Exercise requirements: Would you write out every entry exactly, but without the pictures?
Segment Start: Dataset entries
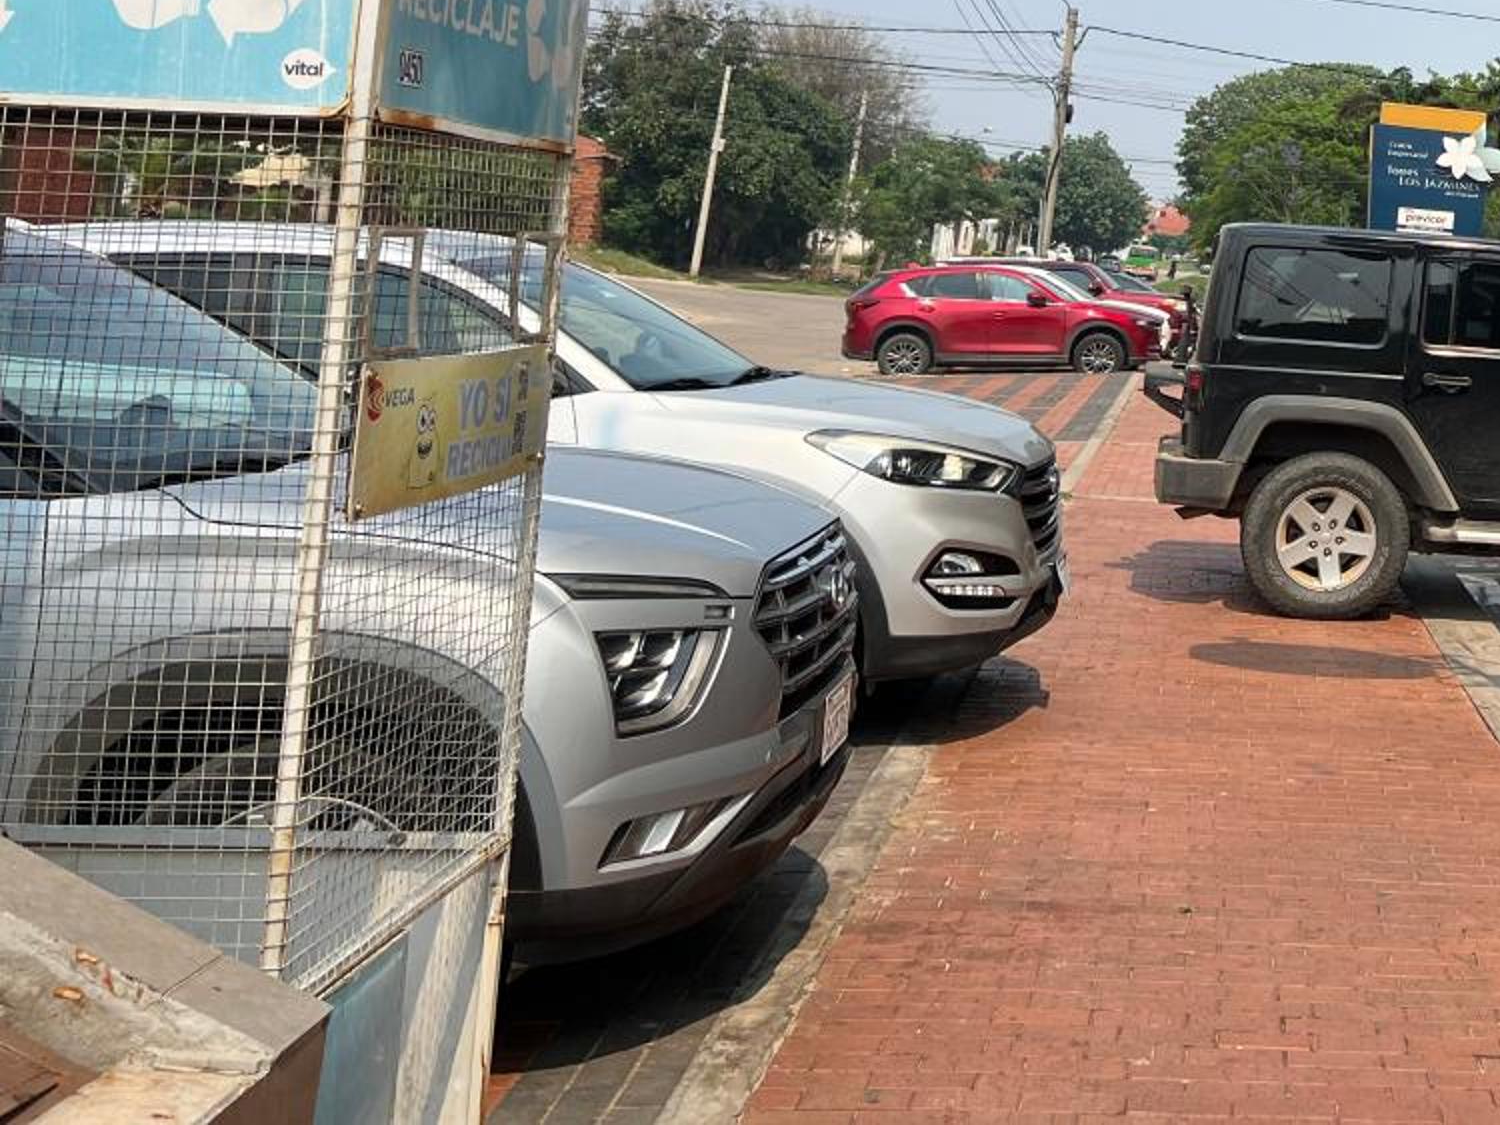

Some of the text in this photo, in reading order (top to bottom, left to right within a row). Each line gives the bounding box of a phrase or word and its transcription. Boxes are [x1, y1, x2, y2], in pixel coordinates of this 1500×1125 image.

[284, 59, 324, 77] vital
[1399, 176, 1421, 187] LOS
[384, 387, 416, 409] VEGA
[460, 379, 490, 431] YO
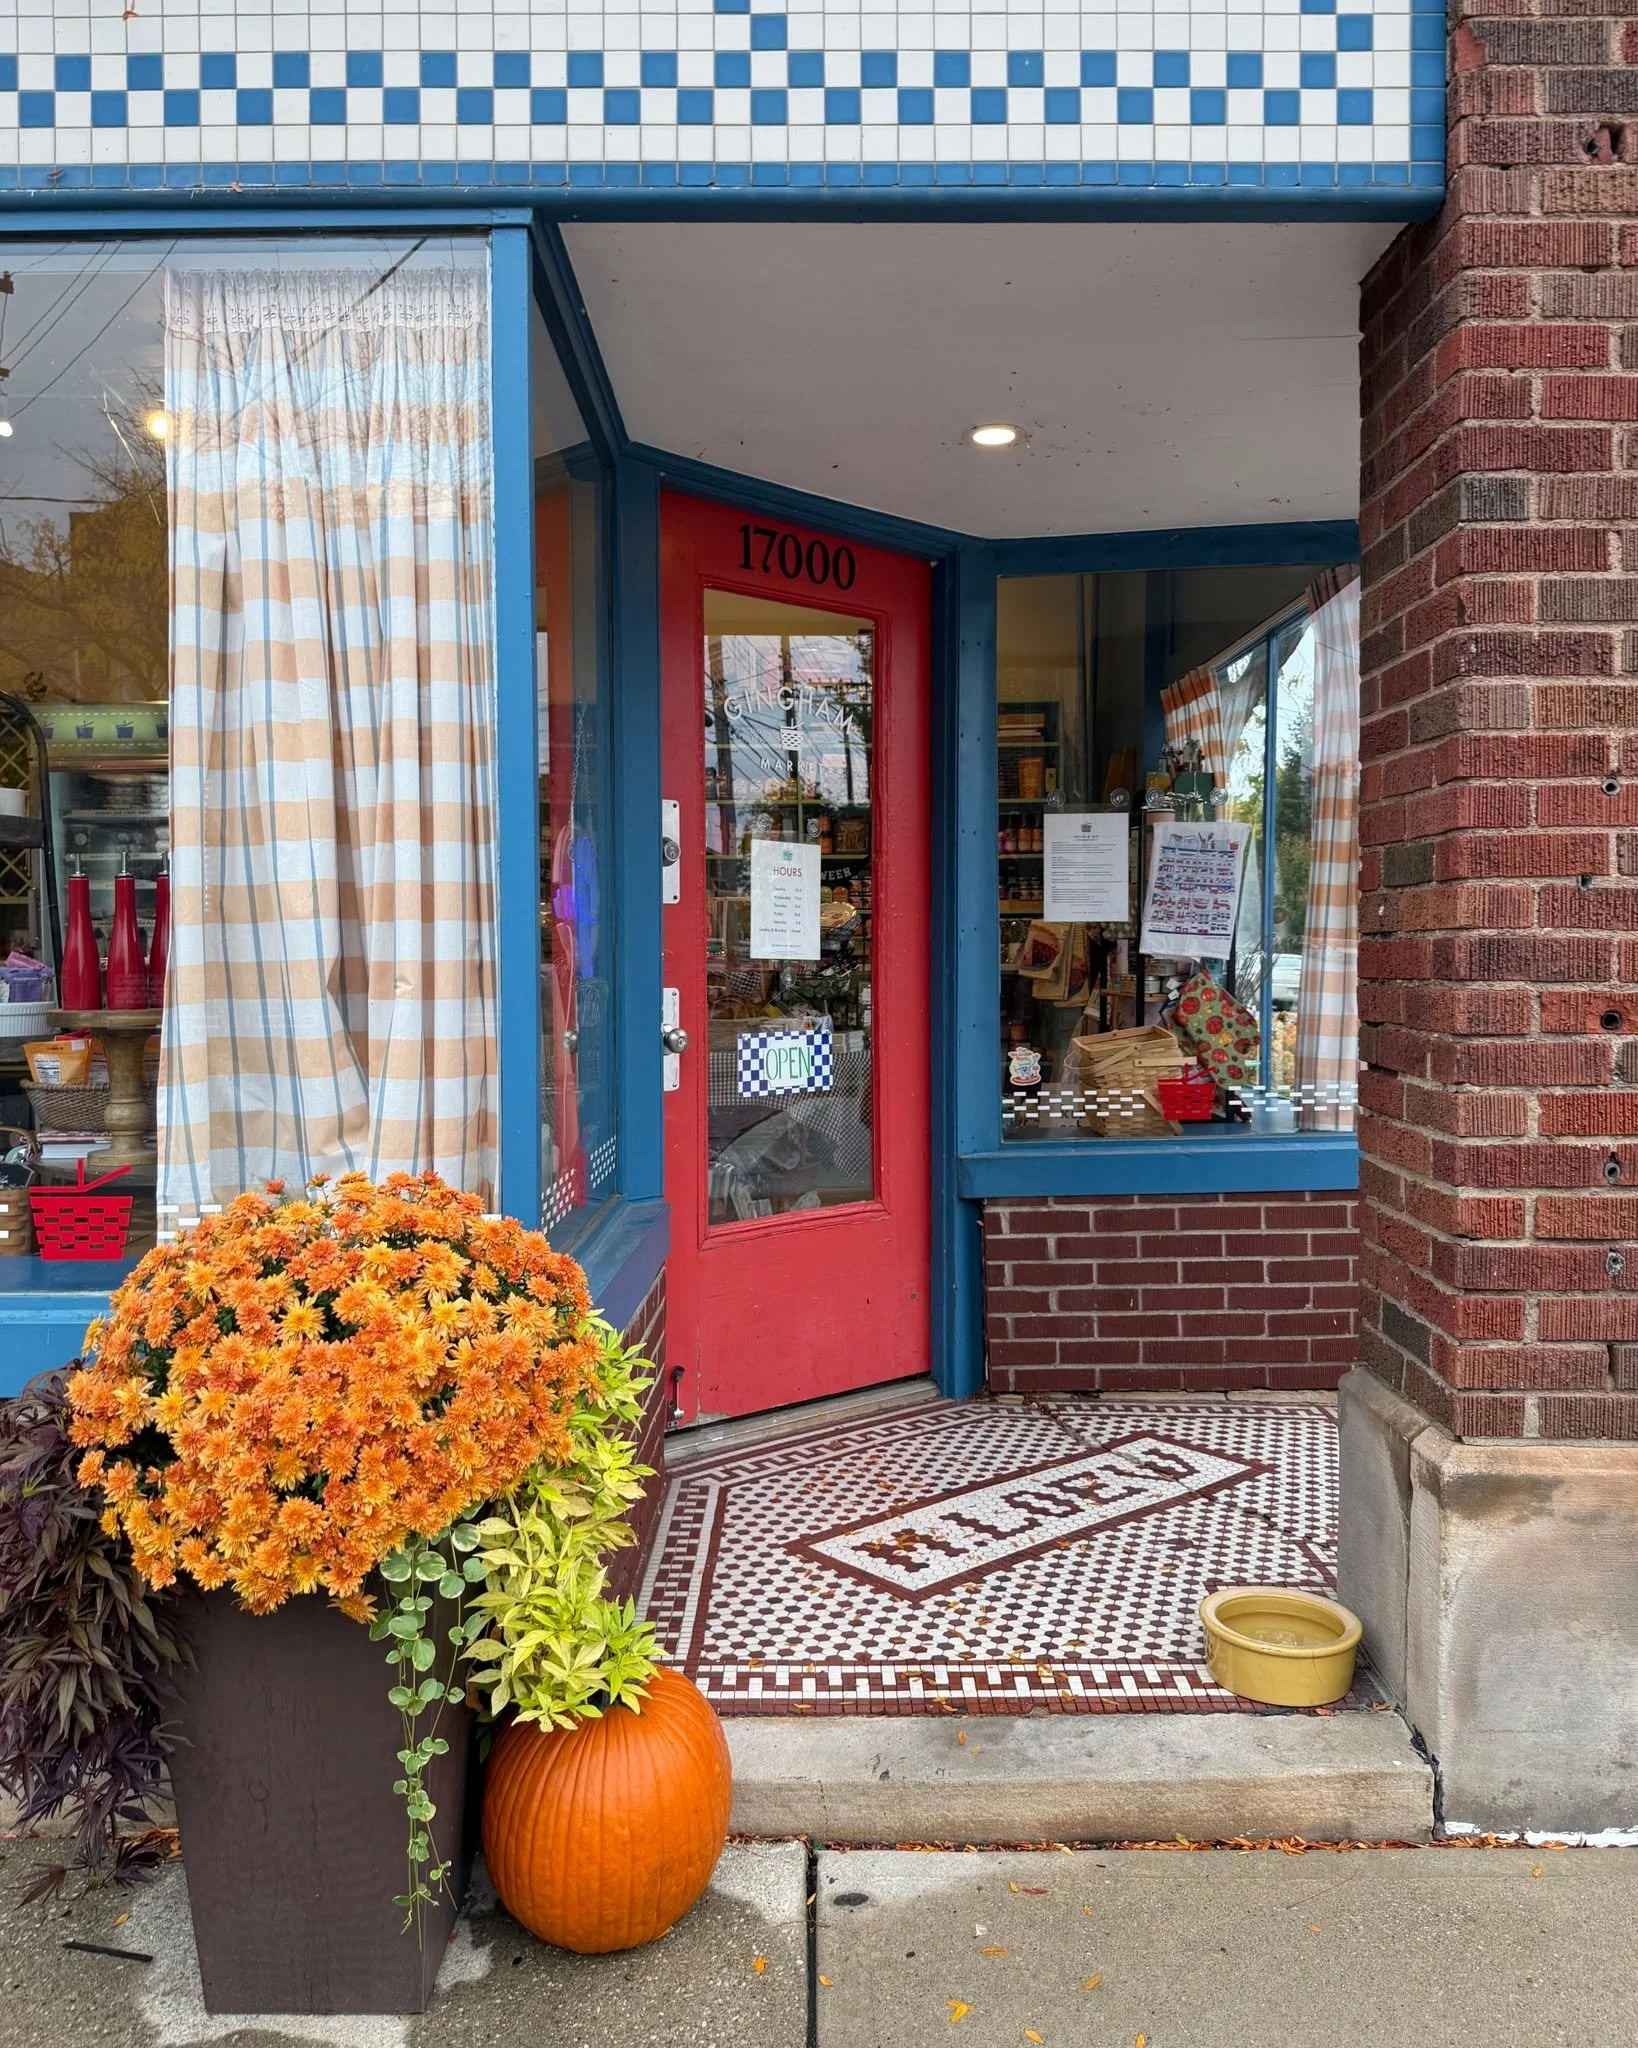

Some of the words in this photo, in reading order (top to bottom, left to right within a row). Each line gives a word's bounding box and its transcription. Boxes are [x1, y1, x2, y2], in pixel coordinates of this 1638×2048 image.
Segment End: Dataset entries
Result of the task:
Some of the text in this photo, in reading order (top to bottom, left to right within a row). Each line gives the bounding box of a phrase or word and its transcription. Boxes are [x1, y1, x2, y2], in pixel coordinates of this 1500×1125 image.

[284, 59, 324, 77] vital
[1399, 176, 1421, 187] LOS
[384, 387, 416, 409] VEGA
[460, 379, 490, 431] YO

Some of the words in this photo, in reading order (top to bottom, left to right within a row). Each line gives a word's bounding box and its transcription. Boxes are [x1, y1, x2, y2], in pixel coordinates of this 1638×2048 image.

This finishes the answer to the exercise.